Easily one of the top performing sectors so far in 2013 has been the solar space. The segment has roared higher thanks to a huge level of panel installations, a focus on high beta and small cap stocks, and the desire by investors to get into quickly growing names (see 3 Biggest ETF Winners from Q3).
This has propelled many stocks up by more than 100% on the year, with several companies seeing even better returns (including triple digit percentage moves in ETFs tracking the space YTD as well). Yet, leading up to a crucial earnings season for the sector, many solar stocks were in trouble.
The space saw flat to negative returns over the past two weeks, including a nearly 2% loss in solar ETFs at a time when the broad market was higher. Thanks to this, and due to worries over the looming earnings season, some were starting to wonder if the bull run in solar power investments was nearing a pause, if not an end.
However, recent trading in the space—and solid earnings—suggests that we might actually have a bit further to run in the solar investment space. In fact, both of the solar ETFs—the Guggenheim Solar ETF (TAN - Free Report) and the Market Vectors Solar Energy ETF (KWT - Free Report) —moved significantly higher (both added more than 5%) in Monday trading, and look to continue this run as more companies in the space report later in the week.
Behind the Surge
During Monday trading, gains were pretty widespread across the sector. FirstSolar (FSLR - Free Report) added about 4.6% on the day, while SunPower (SPWR - Free Report) jumped close to 10.6%, and SolarCity finished the session up more than 11.4% (also read First Solar Earnings Beat Puts Solar ETFs in Focus).
There were a number of reasons for this big jump, though solid earnings was definitely at the heart of the surge.
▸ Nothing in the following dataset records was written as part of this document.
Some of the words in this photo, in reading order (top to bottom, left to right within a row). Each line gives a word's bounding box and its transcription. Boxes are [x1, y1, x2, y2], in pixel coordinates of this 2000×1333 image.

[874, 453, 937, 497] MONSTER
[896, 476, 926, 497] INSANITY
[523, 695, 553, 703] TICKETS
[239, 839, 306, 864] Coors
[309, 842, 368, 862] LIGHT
Additionally, many are now looking for firms that report later in the week—such as SolarCity—to post solid numbers too, further adding to the trend.
Investors also saw some updated guidance figures for Canadian Solar (CSIQ - Free Report) , which were yet another reason to be bullish on solar power. The company announced that it expects Q3 shipments to be in the range of 460 MW to 480 MW, higher than the original guidance of 410 MW to 430 MW it provided on August 8th.
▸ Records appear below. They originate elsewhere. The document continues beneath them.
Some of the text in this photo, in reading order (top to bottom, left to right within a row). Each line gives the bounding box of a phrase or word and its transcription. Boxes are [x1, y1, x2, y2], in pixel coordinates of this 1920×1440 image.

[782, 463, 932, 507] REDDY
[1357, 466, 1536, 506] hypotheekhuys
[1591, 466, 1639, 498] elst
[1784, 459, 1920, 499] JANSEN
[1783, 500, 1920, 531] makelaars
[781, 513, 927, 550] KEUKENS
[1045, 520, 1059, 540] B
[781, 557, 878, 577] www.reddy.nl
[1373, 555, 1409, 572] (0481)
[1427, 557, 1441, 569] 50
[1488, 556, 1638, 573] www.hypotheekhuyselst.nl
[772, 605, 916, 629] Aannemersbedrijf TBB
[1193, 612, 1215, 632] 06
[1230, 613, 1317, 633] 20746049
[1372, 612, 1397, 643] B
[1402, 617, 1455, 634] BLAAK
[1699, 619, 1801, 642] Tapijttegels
Profit margins look to be roughly double original forecasts too, so this was obviously another point for the bulls to hang their hats on going forward. Investors in CSIQ definitely appreciated it as well, as the stock moved higher by over 12% on double the average volume (see all the Alternative Energy ETFs here).
Beyond earnings, investors should also note that SunPower made an acquisition of Greenbotics, which could help the company to better compete in sandy or generally dirt heavy areas. It could also suggest that we might finally start to see some M&A activity in the solar market, a situation which may help to boost share prices as well.
The two ETFs in the market have big holdings in many of the aforementioned companies, and thus were big beneficiaries on the day. TAN was up nearly 8.4% on the session, on volume that was roughly four times normal, while KWT also saw a huge volume increase, and gains of about 5.9% on the day.
KWT actually gives its top weight to FSLR, while SCTY and SPWR also find their way into the top ten holdings. For TAN, FSLR again takes the top spot, while SCTY, CSIQ, and SPWR are all top five allocations (read 5 Clean Energy ETFs Leading the Sector’s Surge).
Due to this bigger allocation to some of the big winners on the day like Canadian Solar, TAN easily outperformed its counterpart on the session. Investors should also note though, that TAN is winning on a longer term look too, as it has outperformed its counterpart 129% to 93% year-to-date (before today’s gains).
Still, both are clearly crushing the market, and with today’s jump are outperforming the S&P 500 on a year-to-date basis even more. And with the trend towards higher guidance and earnings beats as of late, there is plenty of reason to believe that this surge in solar ETFs can continue in the near term.